Select Committee on Environmental Audit Minutes of Evidence



Supplementary memorandum from the Department for Environment, Food and Rural Affairs

FOLLOW-UP QUESTIONS TO THE DEPARTMENT BY THE COMMITTEE FOLLOWING THE EVIDENCE SESSION

1.   With reference to question 62 and 64, you agreed to provide the following: (a) an explanation of why UK figures cannot be provided for all 15 headline indicatiors, (b) how far it is possible to get a standardised UK view and (c) if all the indicators were based on UK figures, would the final assessments for 2001 (red, amber or green) still stand?


  (a)  UK figures cannot be provided for all 15 headline indicators because in some cases data or long-term trends are not available or are not comparable between all constituent countries. When the headline indicators were formulated, the constituent countries were consulted regarding data availability and comparability.


  (b)  Currently, nine indicators use UK data, three use GB data and three use data from England or England and Wales (see Figure 1 for details of the individual indicators). It is not therefore possible at present to get a standardised view across the UK.

  The devolved administrations are developing their own sets of indicators. Scotland and Wales have recently published their first set of indicators, influenced by the overall UK set (see Table 1 for comparisons of the indicators sets developed by each country). These were published after the Government annual report in March 2002. Northern Ireland's set is still in consultation. DEFRA works closely with the other administrations.


  (c)  If it were possible to expand the six indicators to the UK, that are currently only available for England, England and Wales or Great Britain, the assessments for 2001 (red, green or amber) would be unlikely to change. In all cases the trend will predominantly be affected by that seen in the constituent countries already covered by the indicator, and will not be affected by the relatively small contribution in terms of population size or number of dwellings made by any missing countries.

THE THREE NON-UK/GB INDICATORS ARE:

H7—Housing (England data only)

  Scotland: no comparable data are available.

  Northern Ireland: not available at present—will be available from the 2001 Housing Conditions survey.

  Wales: per cent of unfit dwellings data are available but only for 1998.

H8—Crime (England and Wales data)

  Scotland: no comparable data are available due to differing crime definitions under Scottish Law (only total number of crimes are available).

  Northern Ireland: data are available on all three crime indicators 1998 to 2000-01—these were not available when the indicators were first published. In addition, England, Wales and Northern Ireland collectively are not a recognised administration.

H14—Land Use (England data only)

  Scotland: no comparable data are available.

  Northern Ireland: no comparable data are available.

  Wales: no comparable data are available.

THE THREE INDICATORS USING GB DATA ARE:

H4—Poverty and Social Exclusion:

  Northern Ireland: three of the four indicators are available.

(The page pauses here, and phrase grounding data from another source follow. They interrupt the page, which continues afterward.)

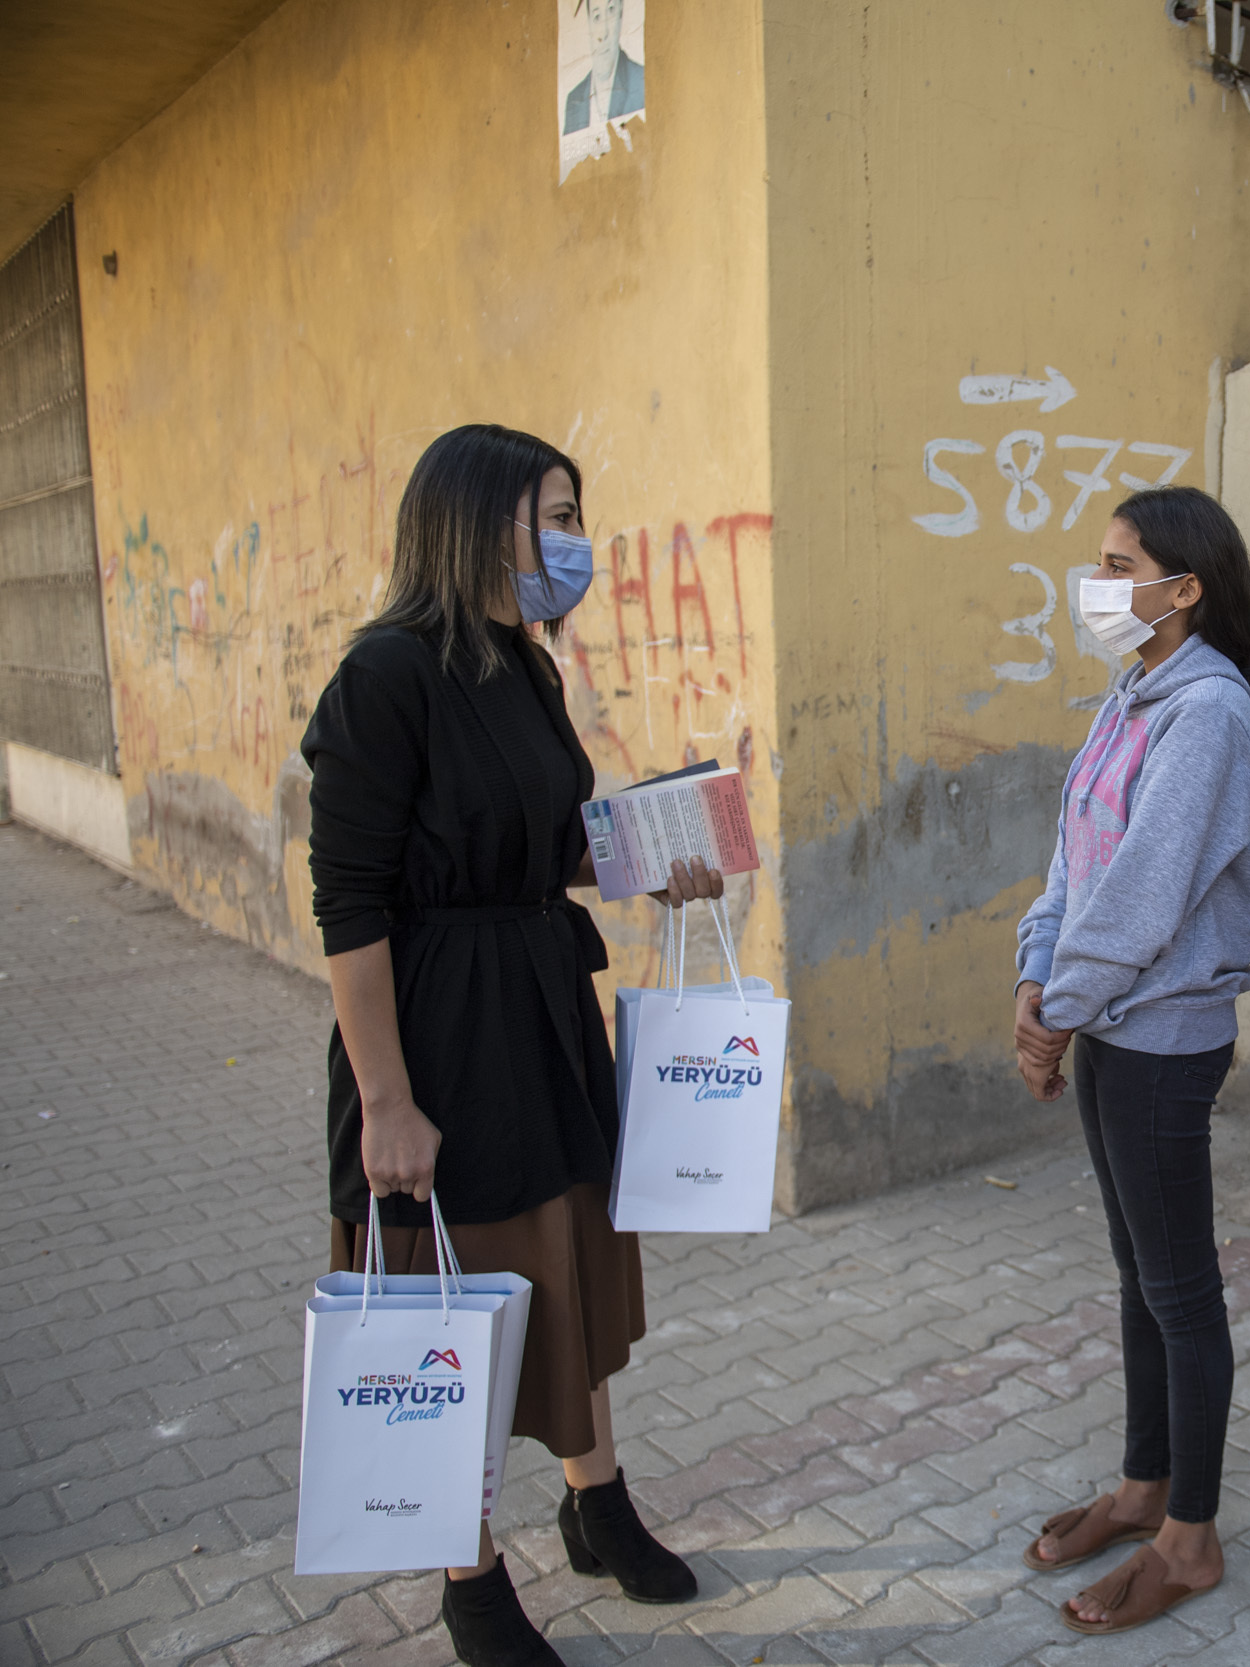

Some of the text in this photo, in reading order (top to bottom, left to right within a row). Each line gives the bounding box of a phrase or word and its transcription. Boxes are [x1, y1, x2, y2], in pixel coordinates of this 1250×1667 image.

[911, 430, 1193, 537] 5877
[610, 514, 773, 684] HAT
[656, 1064, 762, 1086] YERYÜZÜ
[695, 1081, 744, 1102] Cenneti
[676, 1166, 701, 1184] Vahap
[337, 1382, 465, 1406] YERYÜZÜ
[386, 1401, 444, 1426] Cenneti
[365, 1498, 396, 1516] Vahap
[398, 1498, 422, 1511] Seçer
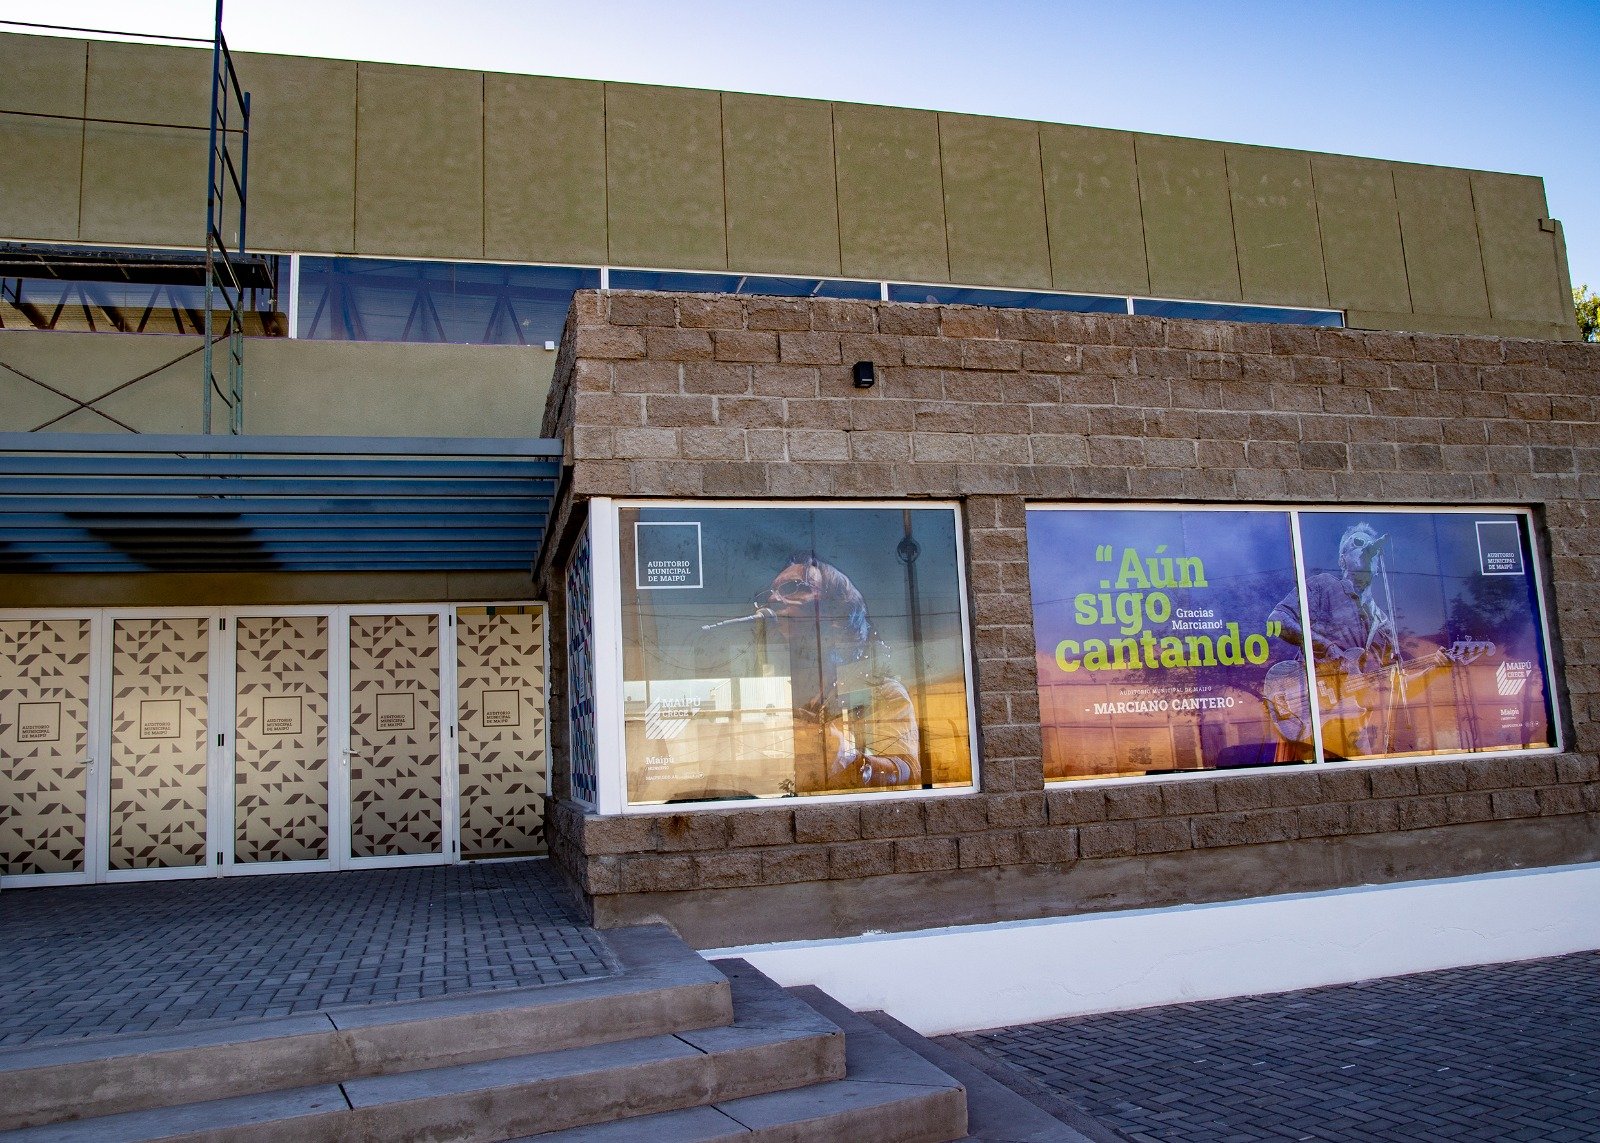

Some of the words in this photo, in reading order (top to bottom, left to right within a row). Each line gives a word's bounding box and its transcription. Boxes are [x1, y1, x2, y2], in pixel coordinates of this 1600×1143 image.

[1074, 580, 1171, 635] sigo
[1176, 608, 1213, 618] Gracias
[1172, 619, 1223, 630] Marciano!
[1506, 660, 1531, 670] MAIPÚ
[662, 696, 701, 708] MAIPÚ
[1094, 700, 1168, 715] MARCIANO
[1172, 697, 1235, 711] CANTERO
[662, 709, 689, 717] CRECE
[646, 755, 674, 765] Maipú
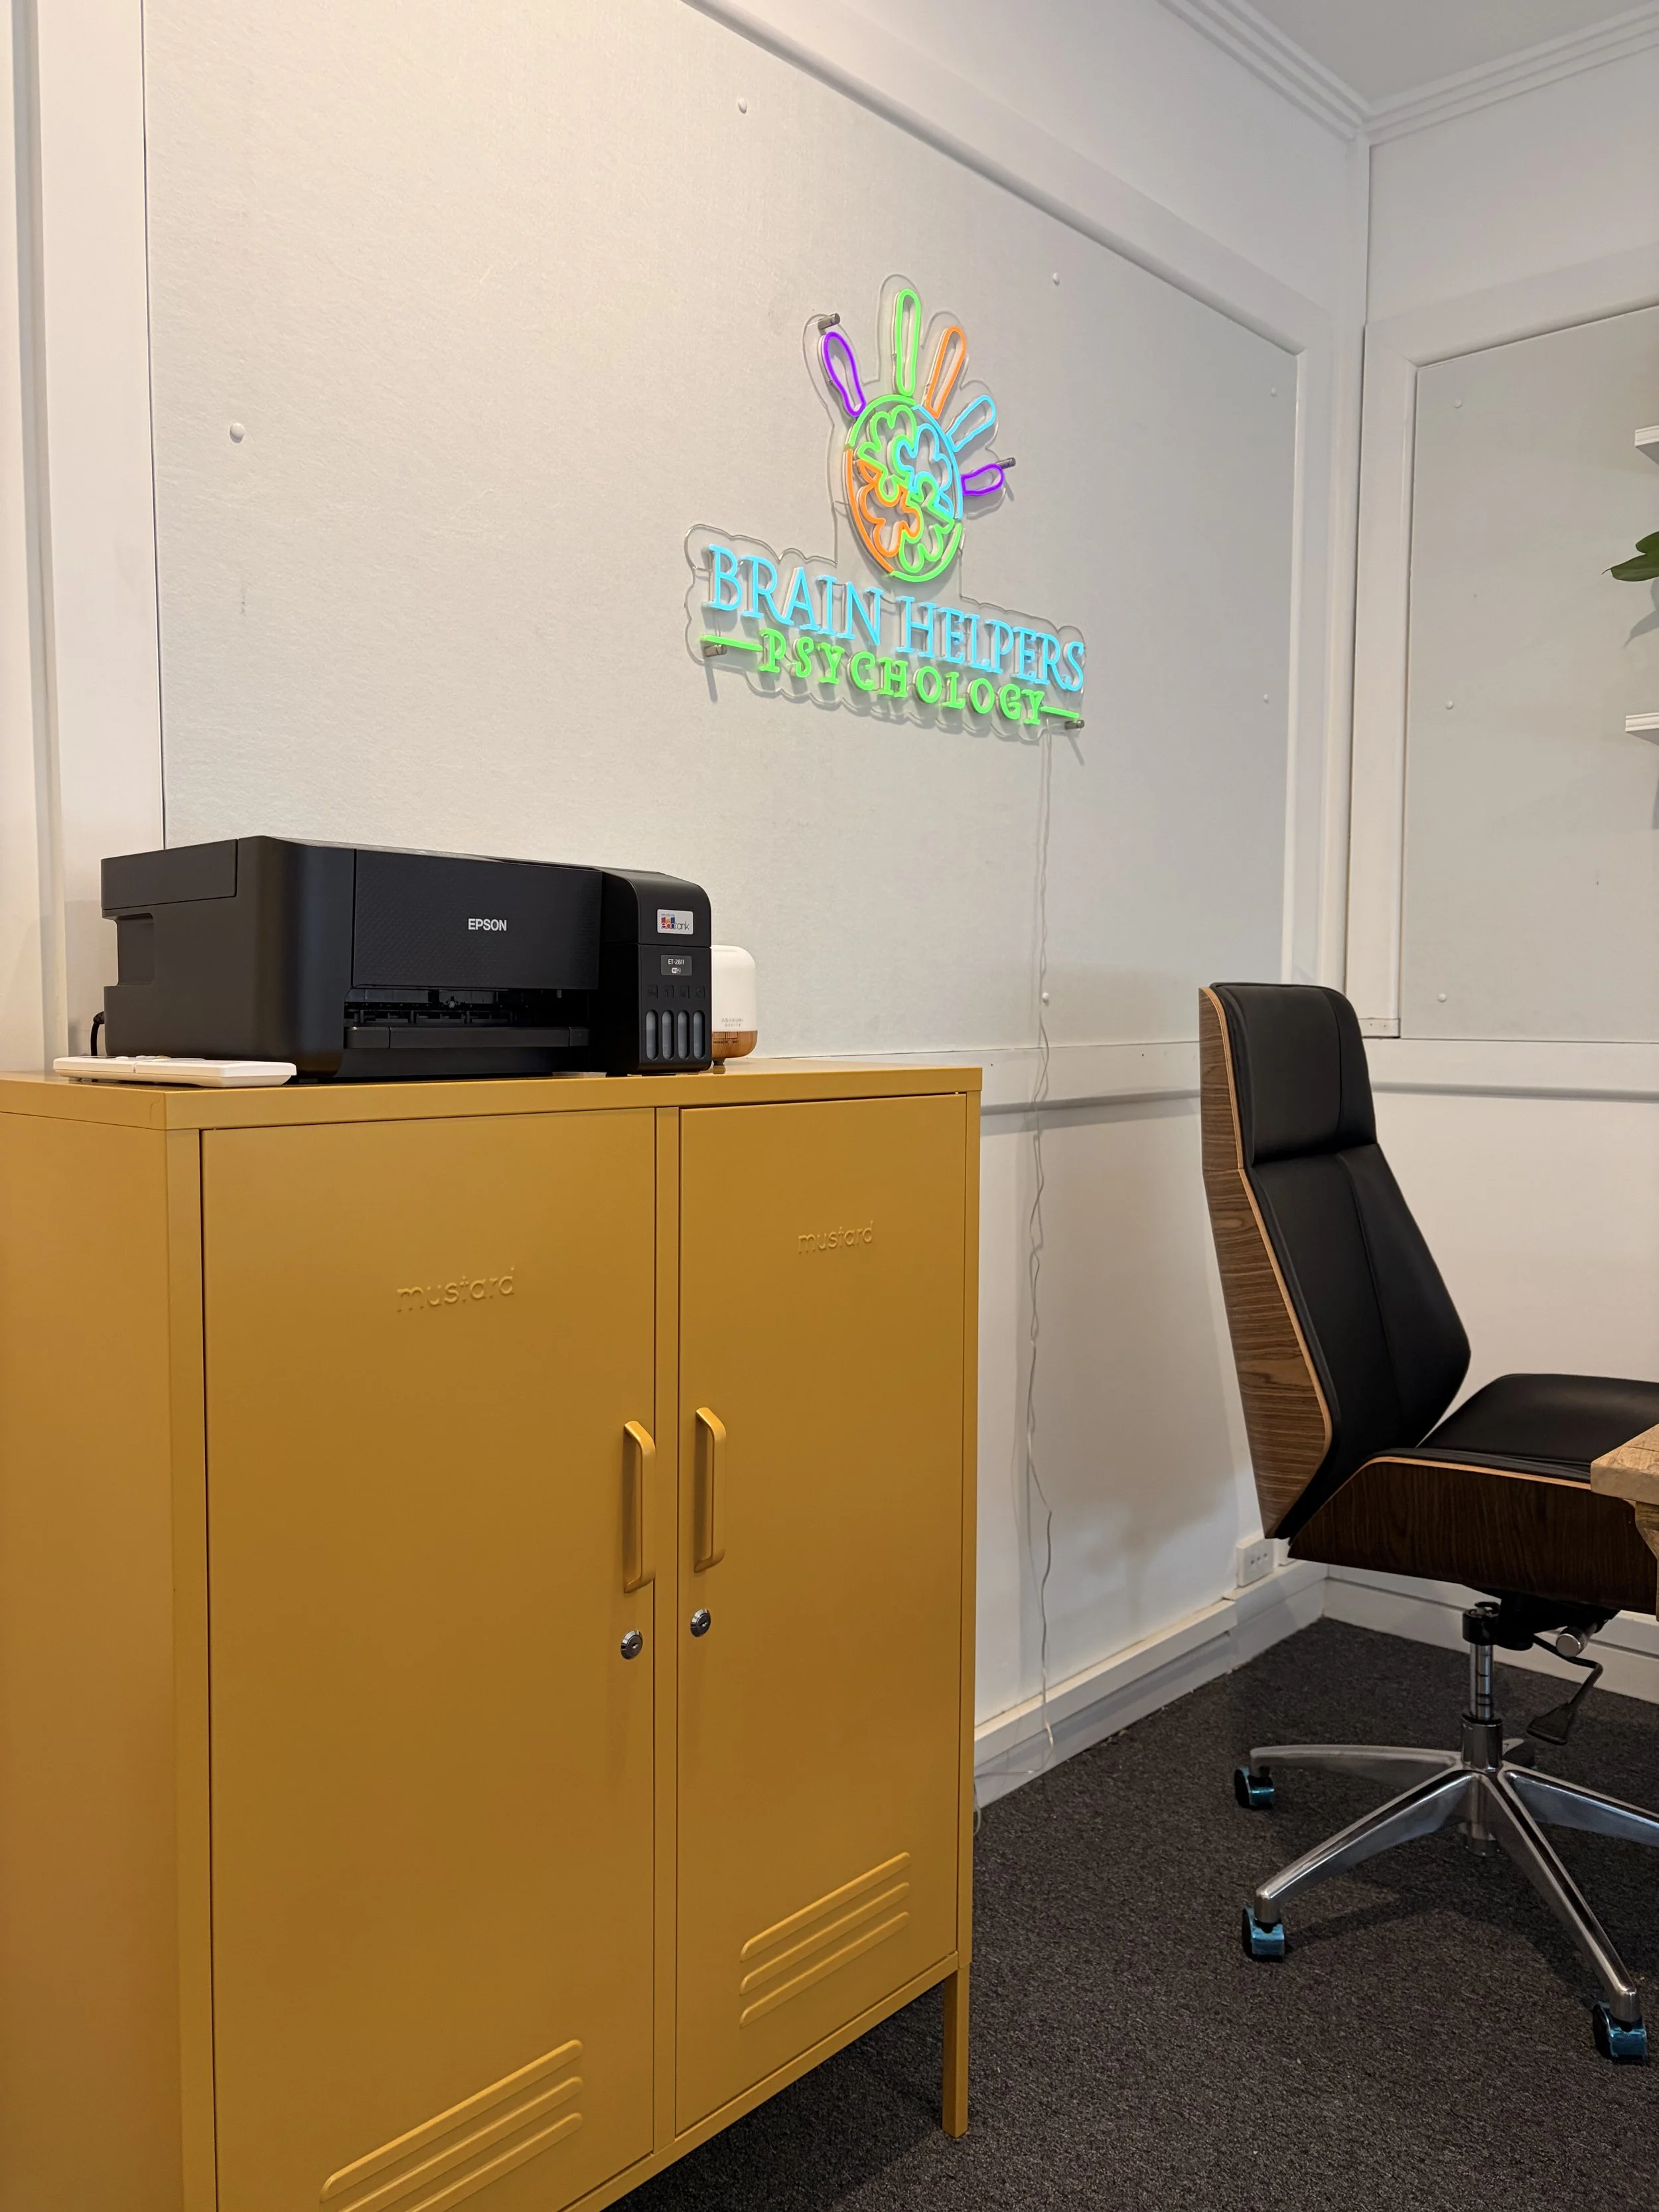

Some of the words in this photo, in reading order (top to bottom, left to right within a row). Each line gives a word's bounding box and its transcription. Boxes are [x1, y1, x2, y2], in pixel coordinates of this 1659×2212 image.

  The four indicators contained within this indicator were selected from those within the Opportunity for all: making progress[2] and were based on the best available data.

H6—Health:

  Northern Ireland: Life expectancy available; Healthy life expectancy not available.

H11—Road Traffic:

  Northern Ireland: vehicle kilometres available 1990 to 1998—no long-term trend.

 

See Annex A for a table of comparisons by country

 

 

2.   With reference to question 93, you agreed to clarify how often figures for renewable energy are calculated.

    —  DTI publish renewable energy data on an annual basis.

    —  Some components of the renewable energy total are collected more than once per annum.

    —  Large-scale hydroelectric producers data are collected monthly and "Auto producers" data (companies that generate electricity for the national grid as a by-product of their operations) are collected quarterly.

    —  Overall electricity sales data (from which the renewable figure is calculated) are collected monthly.

3.   Do the latest set of headline indicators paint the picture of a country progressing well on its sustainable development agenda?

  The barometer in the 2001 Report clearly show that, on the basis of data published since the snapshot we took when we issued the Strategy in 1999, qualify of life as measured by the headline indicators is improving. However, as I was at pains to point out at the press conference on 13 March, whilst there have been improvements in some areas I would not claim that everything is now on the right track.

  Since 1999, all or part of six headline indicators remain on the right track including economic output, educational qualifications, greenhouse gas emissions, air quality, river water quality and vehicle theft/domestic burglary (but not violent crime, including robbery, the other component of the crime indicator). The trend for another four—investment, employment, poverty and social exclusion and populations of woodland birds (one of the two components of the wildlife indicator)—have improved and these have been given a green light in the change since Strategy assessment.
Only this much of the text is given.